I am asked a lot of questions about things people see on the Interwebs. It seems like nearly every Thanksgiving, Christmas or Arbor Day a relative corners me at the dinner table to ask me about hashtags (or something along those lines). Sometimes they ask, “Why are we gathering for a meal on Arbor Day?”
“Hey Jason, what’s a hashtag? I don’t understand you kids with your hashtags …” It’s usually then followed by a long rant about “kids” and technology that makes me want to jab half-cooked asparagus into my ears. They bore me to tears. I try to listen, but would prefer to just pass them the mashed potatoes. I may even Instagram them. Really, they’re beautiful.
Perhaps I should feel lucky their questions imply I’m young and hip, rather than closer in age to be in a risk category for breaking one.
Here’s what I tell them:
Hashtags make content searchable. When you use a hashtag, you’re putting that particular comment into the greater public conversation about that topic. Or, you’re creating a convenient way to filter and collect your own conversation based on your unique filtering word or phrase.
To make it relatable, I usually tell them to put “#Apple” in a Facebook post about their new iPhone. Then click on the linked term “#Apple” in the published post. There you’ll see all of the other public Facebook posts about Apple products. Or maybe the fruit – but far more likely the phone.
(Pro tip: People who talk about the fruit on Facebook don’t know what a hashtag is.)
For marketers, a hashtag is a bonanza of information. A well-used and well-loved hashtag at an event can give sponsors a whole new crowd of people to follow, tweet with and, best yet, sell things to. It creates conversations, and more importantly, a sense of community.
Peace, love and hashtags, man.
So then Grandma says she’s going to start using hashtags. I suggest she work on some breath mints first, but that falls on — quite literally — deaf ears. So I have to give her some pointers.
Okay, Granny. First off, keep them short, especially on Twitter. That particular social network only allows 140 characters per Tweet. So, you don’t want to take up half the post with a hashtag like #JasonFallsPresentationKicksAss, even though that’s an incredibly accurate, well-written hashtag.
(Be sure not to abbreviate it #FallsAss. I may have a nice one, but some people will think you’re calling me a name. Heh.)
You also don’t want an alphabet soup hashtag. If your organization has a long name that you commonly abbreviate with an acronym, try not to use that. Let’s say you’re an association of people in law-related marketing. Perhaps the Legal Ombudsman Search Engine Raconteur Service (LOSERS). Try something shorter and more recognizable, such as #LegalSearch for your posts. Using the capital letters (but not ALLCAPS — that means you’re yelling) makes it more readable. Hashtags are not case-sensitive, so you can use it with or without capitalization.

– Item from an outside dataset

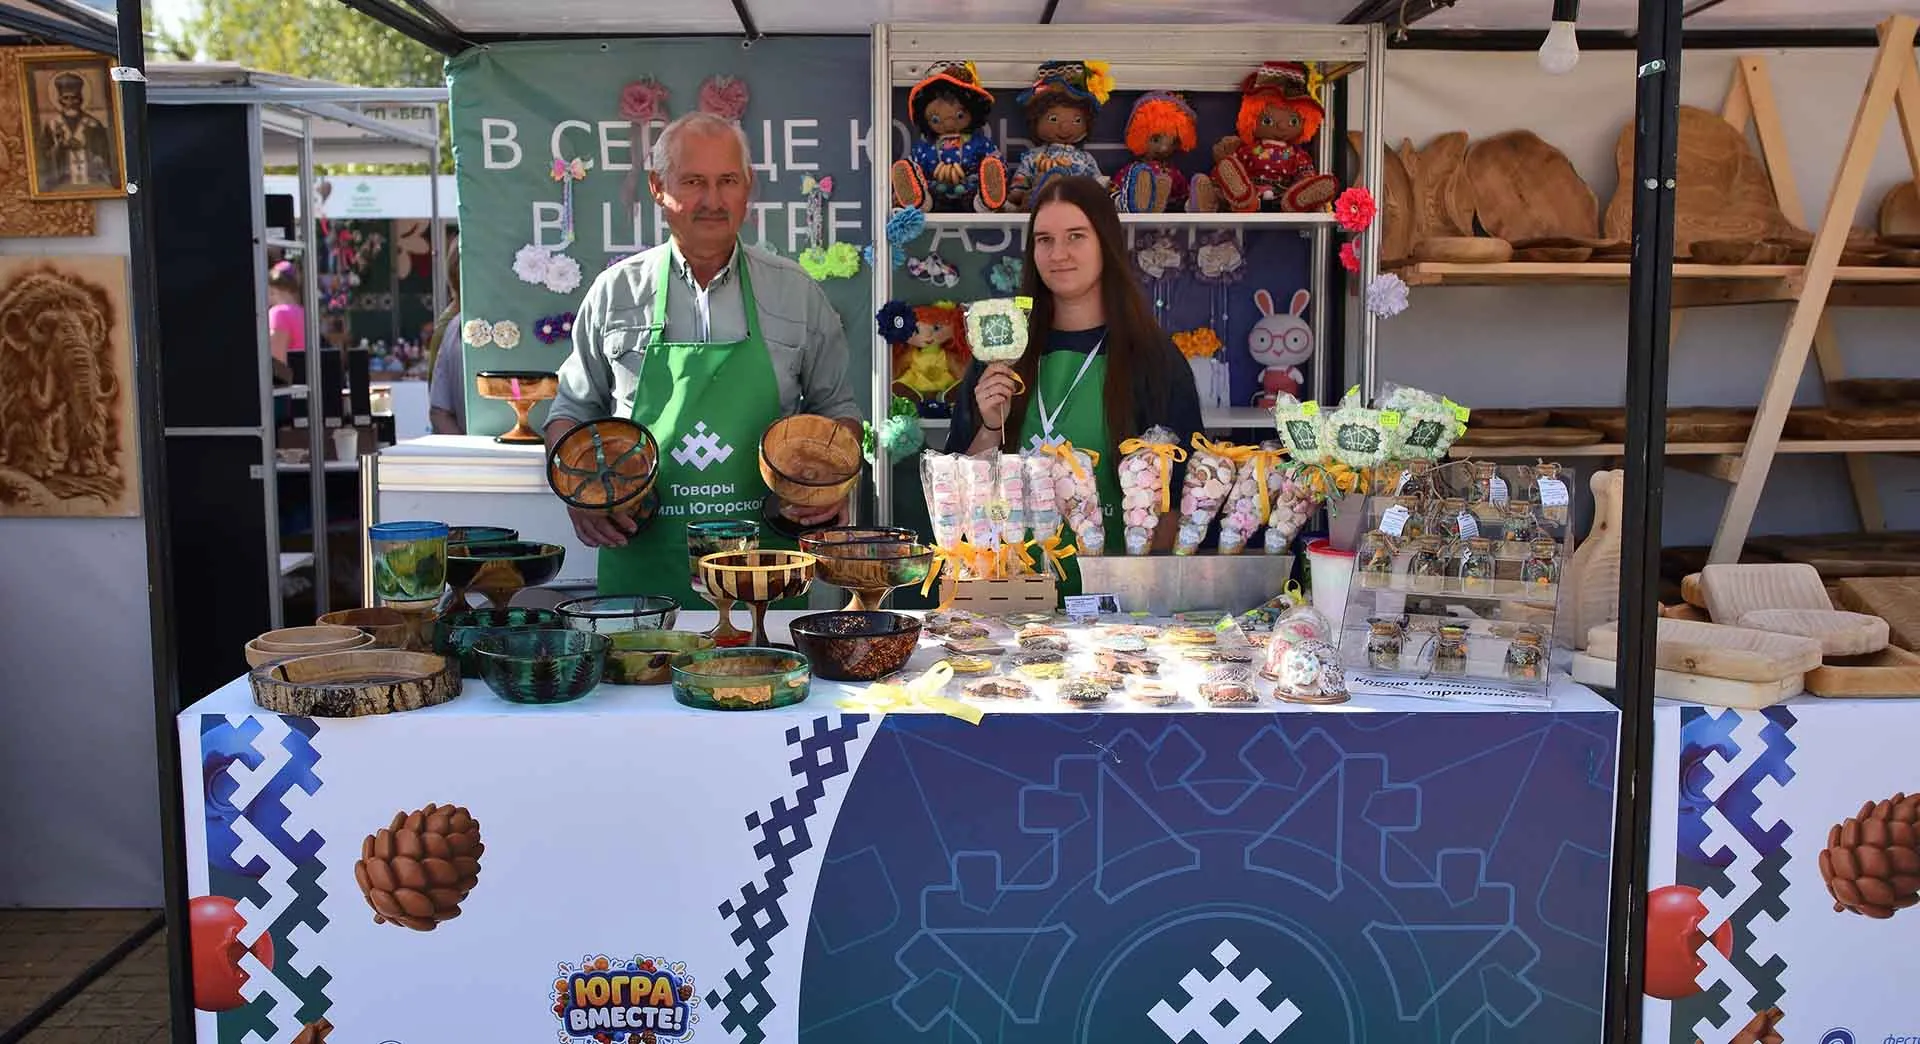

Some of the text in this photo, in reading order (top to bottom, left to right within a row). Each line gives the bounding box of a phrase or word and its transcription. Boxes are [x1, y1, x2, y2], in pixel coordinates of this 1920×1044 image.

If you do want to use a hashtag for an event, widely distribute it among your conference speakers and attendees. Put it in your brochures, your programs, your presentations … everything. Make it known and ask that the audience use it. They will. Watching that hashtag will give you insights into your audience you didn’t know. You’ll learn a few things. You might get a criticism or two as well, but if you’re sharp, you’ll listen and engage in a conversation with your most thoughtful critics.
(Skip the trolls, though. Ain’t nobody got time for that.)
Keeping Up With Trends
Hashtags are also useful in keeping up with what’s going on in the world. A quick glance at trending hashtags tells you all you need to know. When a celebrity dies, expect their name to rise to the top of trending topics on Twitter with a hashtag of their name with an “RIP” tacked on.
News drives hashtags. Sometimes, hashtags drive news. Hashtags have driven governments to act. After #Kony2012 took over Twitter, President Obama sent troops to Uganda to aid in training troops there to locate Joseph Kony. Twitter and other social media, including use of hashtags, drove the Arab Spring uprisings in 2010.
Although hashtags are used most commonly on Twitter, they can be used effectively on other social media as well. Hashtags are searchable on Instagram, Facebook and many other networks, too.
But don’t forget that hashtags can fail – spectacularly. One of the funniest, at least to me, is the recent Dallas Cowboys choice in hashtags for their London game. The team promoted #CowboysUK as their hashtag. (Cowboy SUK … heh.) No skin off my back. I hate the Cowboys. But, still.
The Bottom Line
Use hashtags. Learn who uses them for what. Keep up with what’s going on the world.
And if you’re the Dallas Cowboys, keep using the #Cowboysuk for the rest of the season. Romo and crew may be having a breakout year, but your detractors need to remain amused.
For the rest of you, please read your hashtags out loud before you put them into practice. But dive in, search for a general topic of interest to you by what you think it’s hashtag might be (i.e. — #publicrelations #pr #socialmedia #bacon) and get used to the easy way to filter, find and join the conversation.
But only if you can also hear it, Grandma.